WHAT TO DO: The reply is to contain the full listing, repeated exactly, with pictures left out.

-- RECORDS TO USE follows --

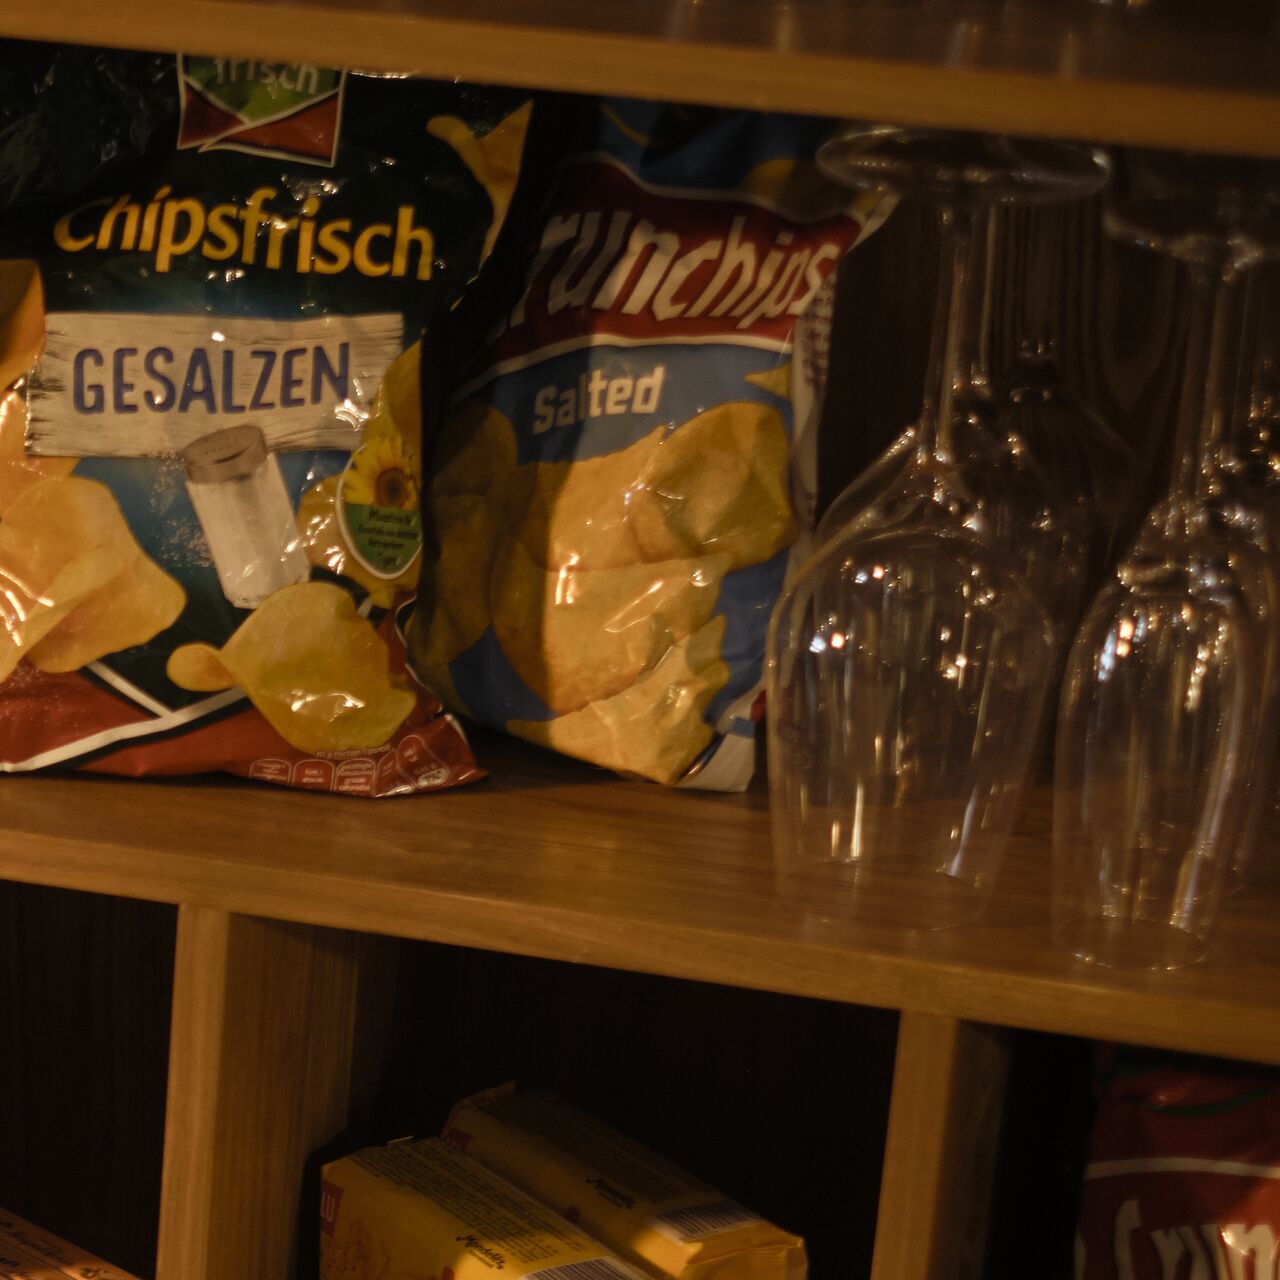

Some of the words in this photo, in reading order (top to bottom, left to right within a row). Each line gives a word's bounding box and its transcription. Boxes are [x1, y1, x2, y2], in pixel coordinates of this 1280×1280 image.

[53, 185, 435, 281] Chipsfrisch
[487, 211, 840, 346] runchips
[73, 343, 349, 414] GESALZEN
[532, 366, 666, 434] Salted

-- RECORDS TO USE concluded --

RESPONSE:
Some of the words in this photo, in reading order (top to bottom, left to right within a row). Each line gives a word's bounding box and its transcription. Boxes are [x1, y1, x2, y2], in pixel coordinates of this 1280×1280 image.

[53, 185, 435, 281] Chipsfrisch
[487, 211, 840, 346] runchips
[73, 343, 349, 414] GESALZEN
[532, 366, 666, 434] Salted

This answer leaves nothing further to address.